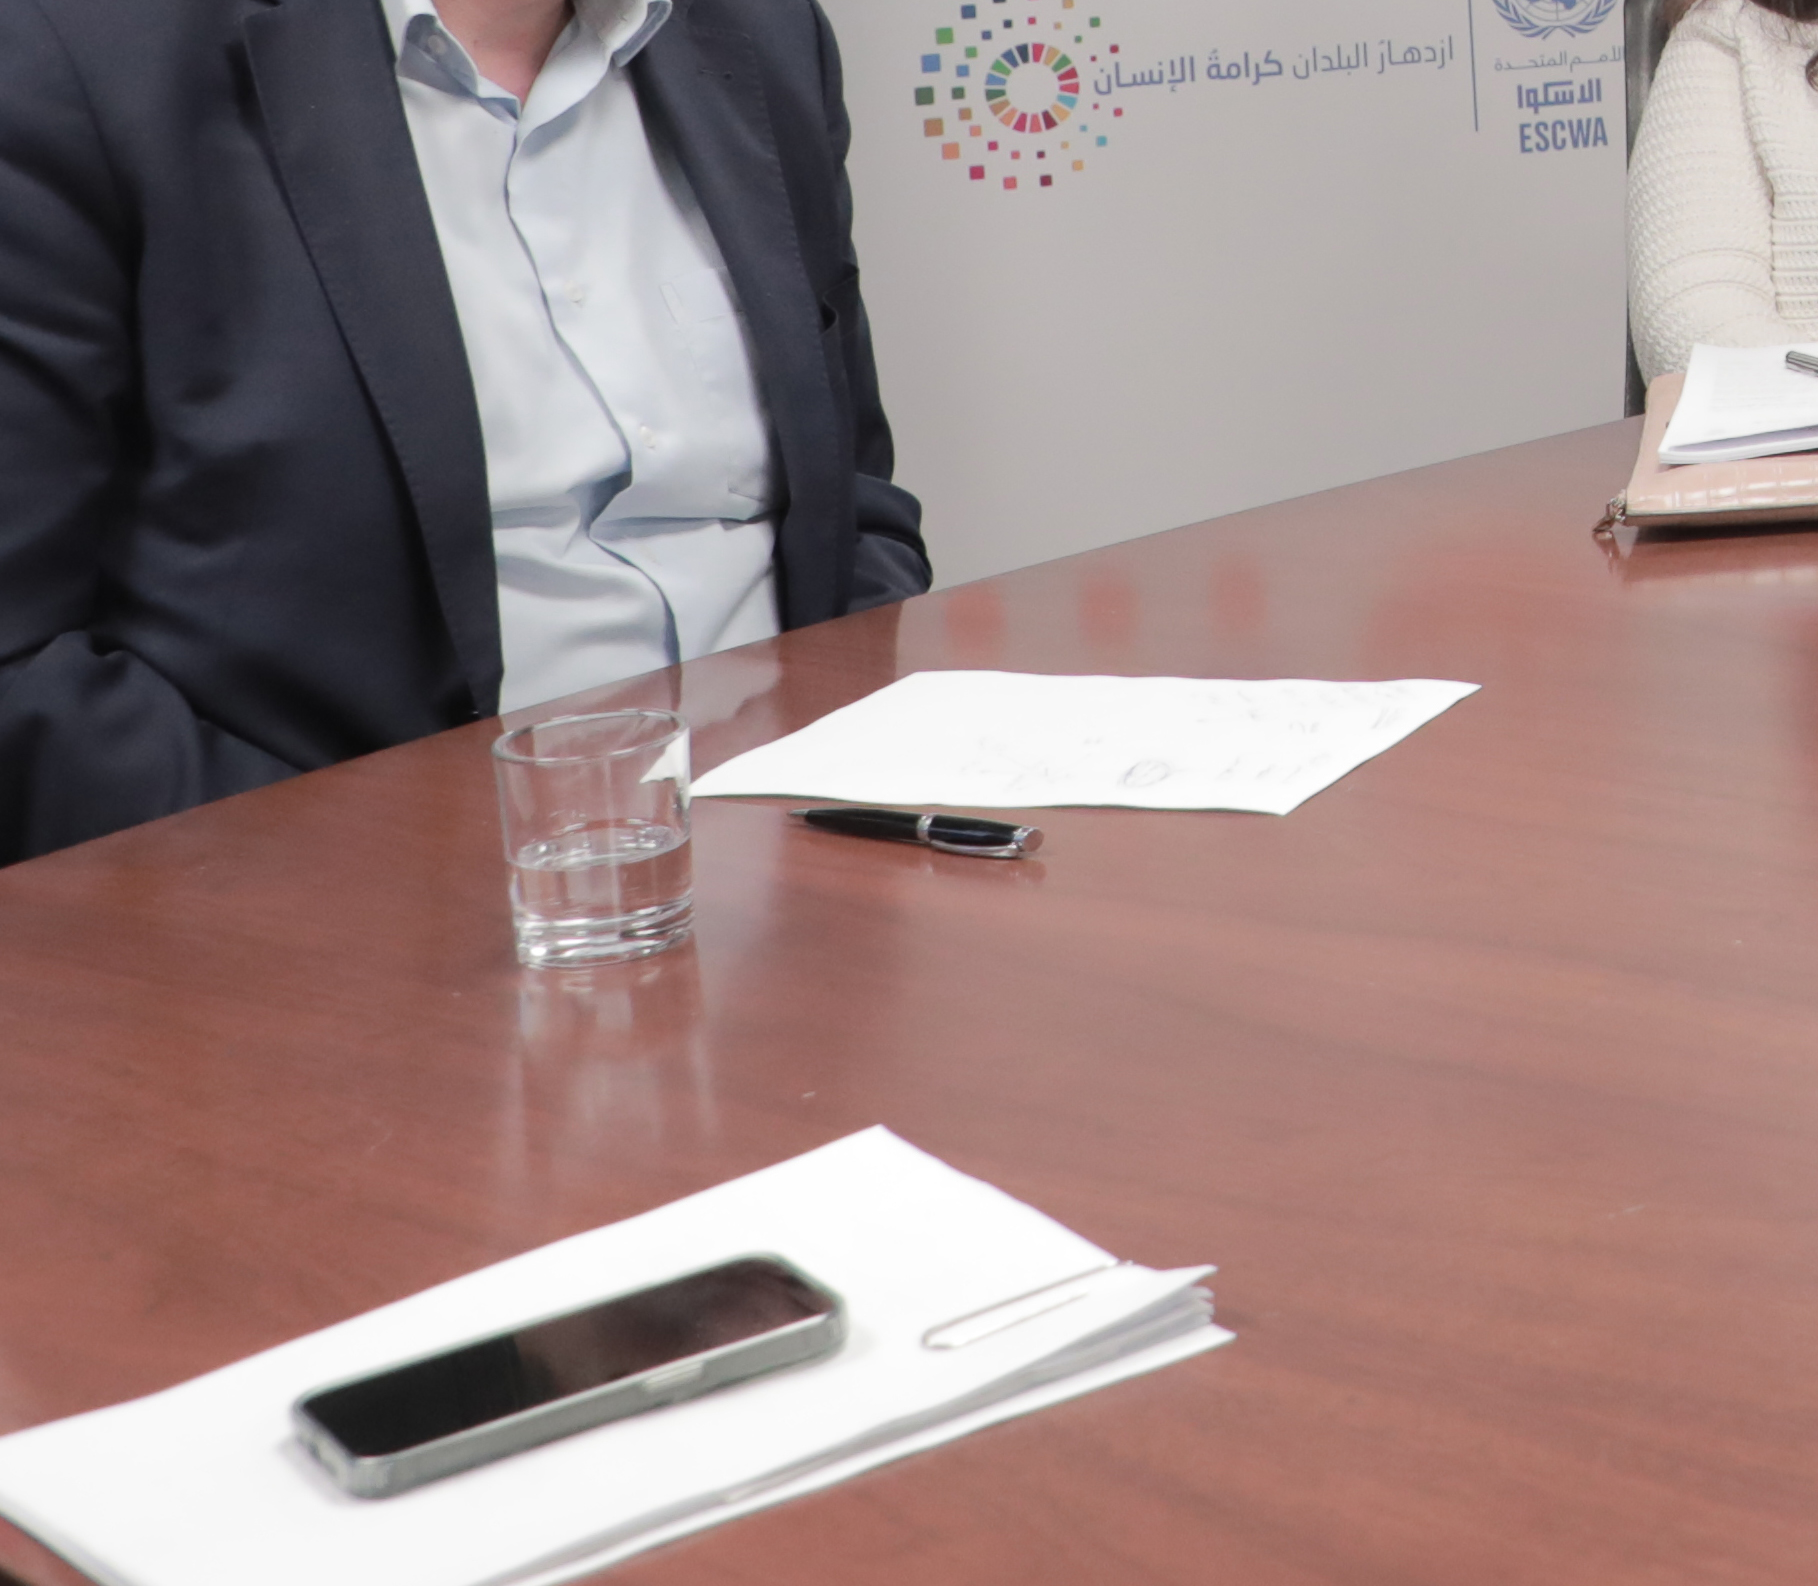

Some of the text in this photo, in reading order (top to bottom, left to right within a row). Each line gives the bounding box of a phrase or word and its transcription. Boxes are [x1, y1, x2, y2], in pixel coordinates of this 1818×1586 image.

[1092, 52, 1195, 95] الإنسان
[1293, 42, 1368, 79] البلدان
[1494, 51, 1567, 71] المتحدة
[1519, 117, 1608, 153] ESCWA
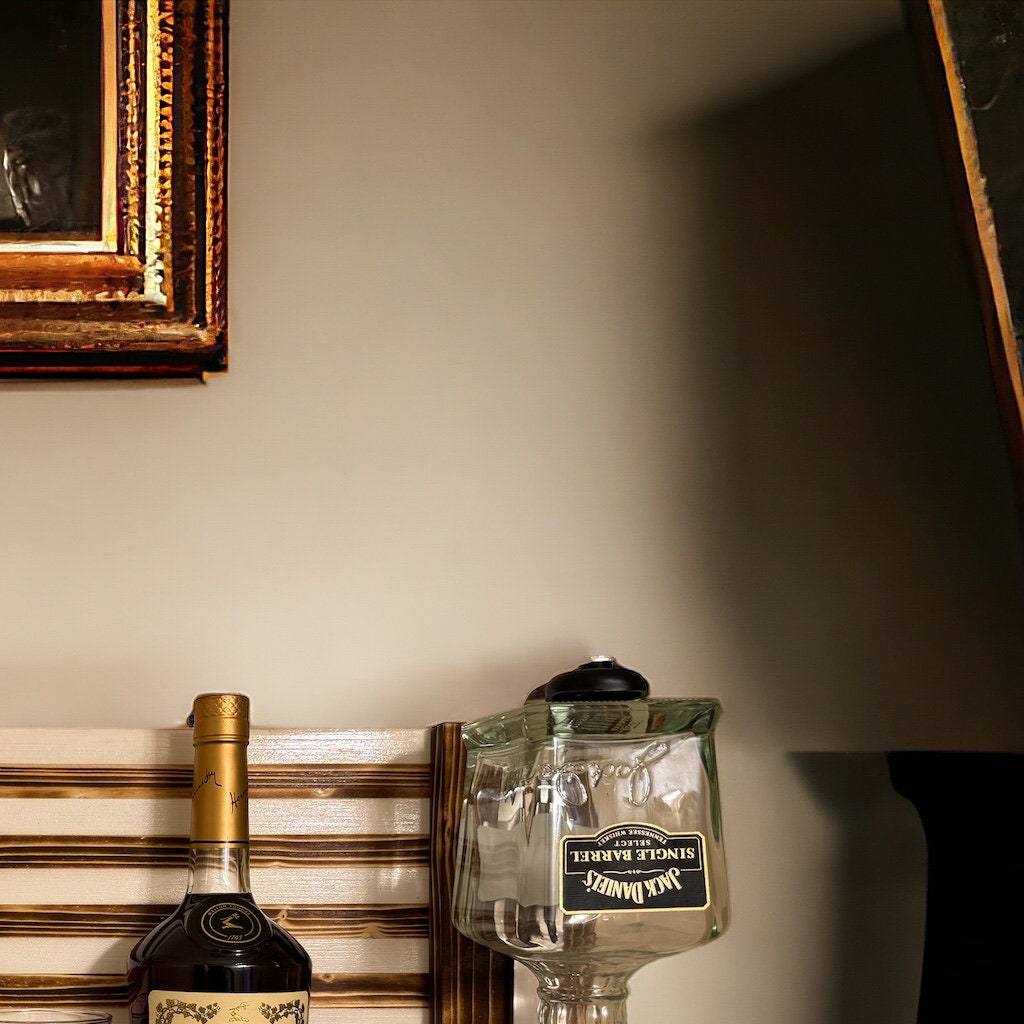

+++

From the first line to the last, retype the material exactly and exclude the pictures.

Task response:
Some of the text in this photo, in reading order (top to bottom, left to right within a row). Each line gives the bounding box of a phrase or word and its transcription. Boxes are [x1, y1, x2, y2], in pixel coordinates of this 1818×1586 image.

[1092, 52, 1195, 95] الإنسان
[1293, 42, 1368, 79] البلدان
[1494, 51, 1567, 71] المتحدة
[1519, 117, 1608, 153] ESCWA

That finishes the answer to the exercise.